When he graduated from Town Higher Secondary School in 1904, Ramanujan was awarded the K. Ranganatha Rao prize for mathematics by the school's headmaster, Krishnaswami Iyer. Iyer introduced Ramanujan as an outstanding student who deserved scores higher than the maximum.[30] He received a scholarship to study at Government Arts College, Kumbakonam,[31][32] but was so intent on mathematics that he could not focus on any other subjects and failed most of them, losing his scholarship in the process.[33] In August 1905, Ramanujan ran away from home, heading towards Visakhapatnam, and stayed in Rajahmundry[34] for about a month.[33] He later enrolled at Pachaiyappa's College in Madras. There, he passed in mathematics, choosing only to attempt questions that appealed to him and leaving the rest unanswered, but performed poorly in other subjects, such as English, physiology, and Sanskrit.[35] Ramanujan failed his Fellow of Arts exam in December 1906 and again a year later. Without an FA degree, he left college and continued to pursue independent research in mathematics, living in extreme poverty and often on the brink of starvation.[36]

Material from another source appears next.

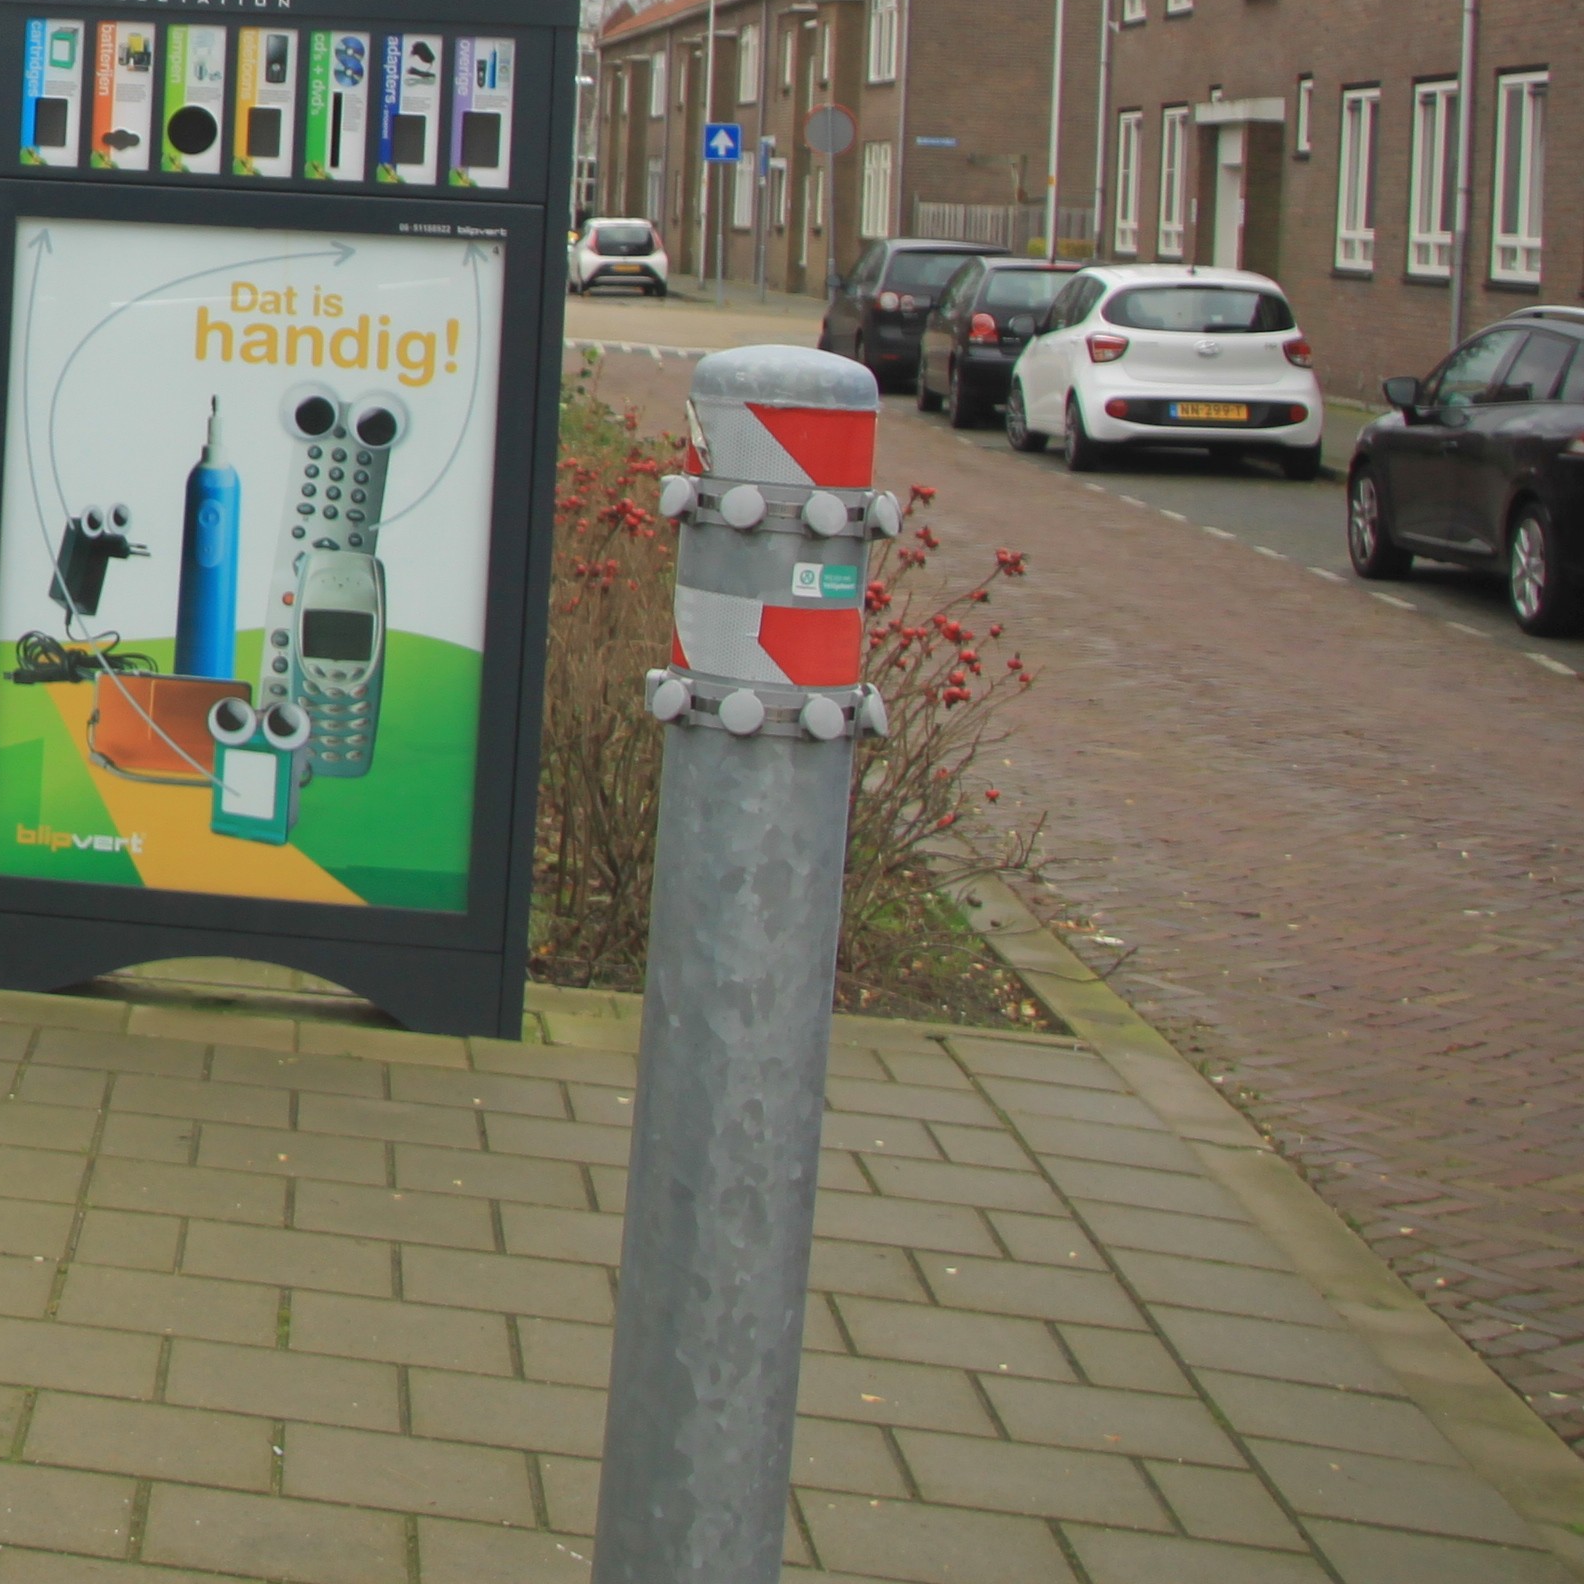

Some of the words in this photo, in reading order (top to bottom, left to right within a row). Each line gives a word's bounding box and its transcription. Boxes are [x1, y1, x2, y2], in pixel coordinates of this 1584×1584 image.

In 1910, after a meeting between the 23-year-old Ramanujan and the founder of the Indian Mathematical Society, V. Ramaswamy Aiyer, Ramanujan began to get recognition in Madras's mathematical circles, leading to his inclusion as a researcher at the University of Madras.[37]

Adulthood in India

On 14 July 1909, Ramanujan married Janaki (Janakiammal; 21 March 1899 – 13 April 1994),[38] a girl his mother had selected for him a year earlier and who was ten years old when they married.[39][40][41] It was not unusual then for marriages to be arranged with girls at a young age. Janaki was from Rajendram, a village close to Marudur (Karur district) Railway Station. Ramanujan's father did not participate in the marriage ceremony.[42] As was common at that time, Janaki continued to stay at her maternal home for three years after marriage, until she reached puberty. In 1912, she and Ramanujan's mother joined Ramanujan in Madras.[43]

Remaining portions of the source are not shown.